The Food and Drug Administration said it is in close contact with Canadian health authorities over its decision to suspend sales of the drug. However, the FDA said Tuesday it "does not feel that any immediate changes are warranted in the FDA labeling or approved use of this drug based upon its preliminary understanding of Health Canada's analyses of adverse event reports and FDA's own knowledge and assessment of the reports received by the agency."
Adderall is marketed in Canada by Shire BioChem, a unit of Shire Pharmaceuticals PLC (SHPGY).
In a statement, Health Canada said the decision to request that Shire pull Adderall was based on a safety review provided by the company. It indicated that there were 20 international reports of sudden death in patients taking Adderall R, the immediate release form of the drug, and Adderall XR, the extended release version. "These deaths were not associated with overdose, misuse or abuse.

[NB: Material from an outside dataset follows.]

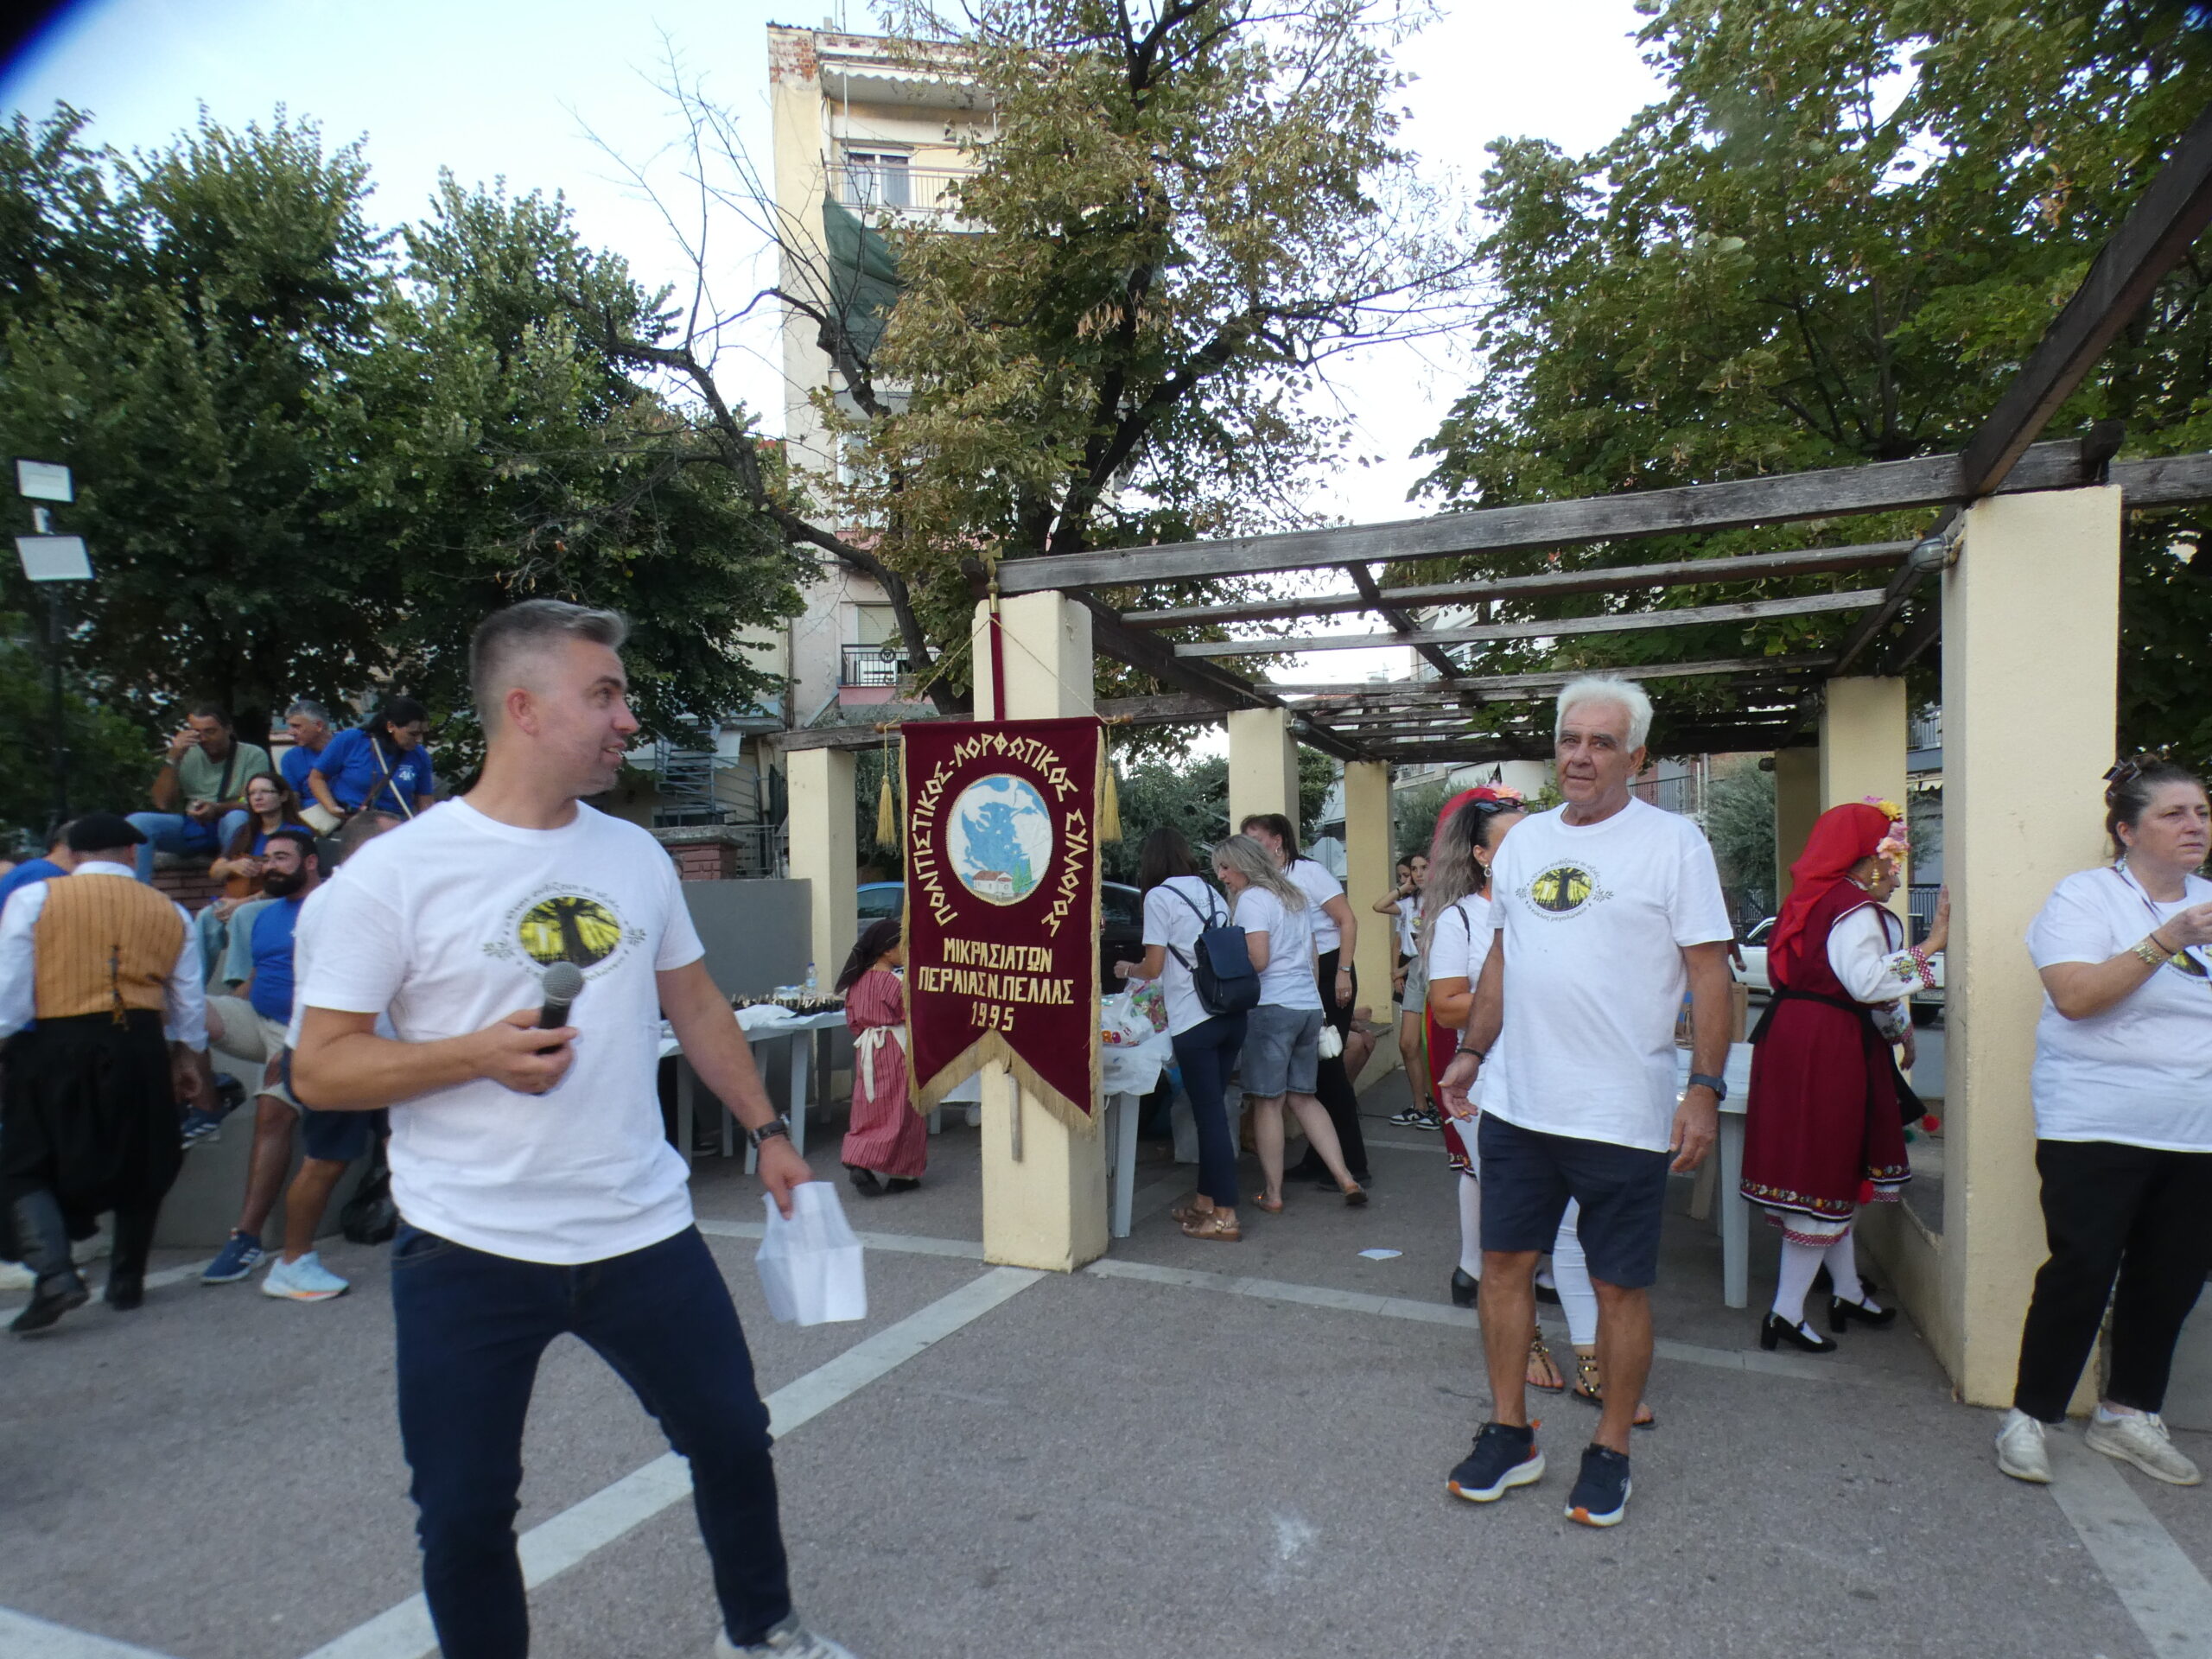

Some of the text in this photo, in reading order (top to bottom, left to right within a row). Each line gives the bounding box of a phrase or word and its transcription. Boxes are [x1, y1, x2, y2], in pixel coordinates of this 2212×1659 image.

Fourteen deaths occurred in children, and six deaths in adults. There were 12 reports of stroke, two of which occurred in children," Health Canada said.
Both Adderall R and Adderall XR are sold in the U.S. and Adderall XR is sold in Canada.
In a statement, Shire said although it is complying with the Canadian request, "the company strongly disagrees with the conclusions drawn by Health Canada and is considering appropriate responsive action."
The company said it remains confident in the safety and effectiveness of Adderall for the treatment of ADHD when used in accordance with the approved labeling.
Shire said the interpretation of the same data by the FDA led to a revised label for Adderall XR last September, which states that the drug should not be used in children or adults with structural cardiac abnormalities.
The FDA said it would provide issue information sheets for consumers concerned about Adderall and Health Canada's decision to suspend sales of the drug. The FDA said it would also provide up-to-date information about Adderall's safety profile on its website at www.fda.gov.
In information posted to its Web site, the FDA said sudden unexplained death has been associated with amphetamine abuse and reported in children with underlying cardiac abnormalities taking recommended doses of amphetamines, including Adderall and Adderall XR.
"In addition, a very small number of cases of SUD have been reported in children without structural cardiac abnormalities taking Adderall," the FDA said. But, the FDA also said, it cannot, at this time, "conclude that recommended doses of Adderall can cause sudden unexplained death."
The FDA said patients using Adderall, or parents of children on the drug, who have questions about the drug should consult their physicians before making any alterations to their therapy.
Adderall is a central nervous system stimulant, or an amphetamine. The medication is used to treat attention deficit hyperactivity disorder (ADHD) in children 6 years of age and older and in adults.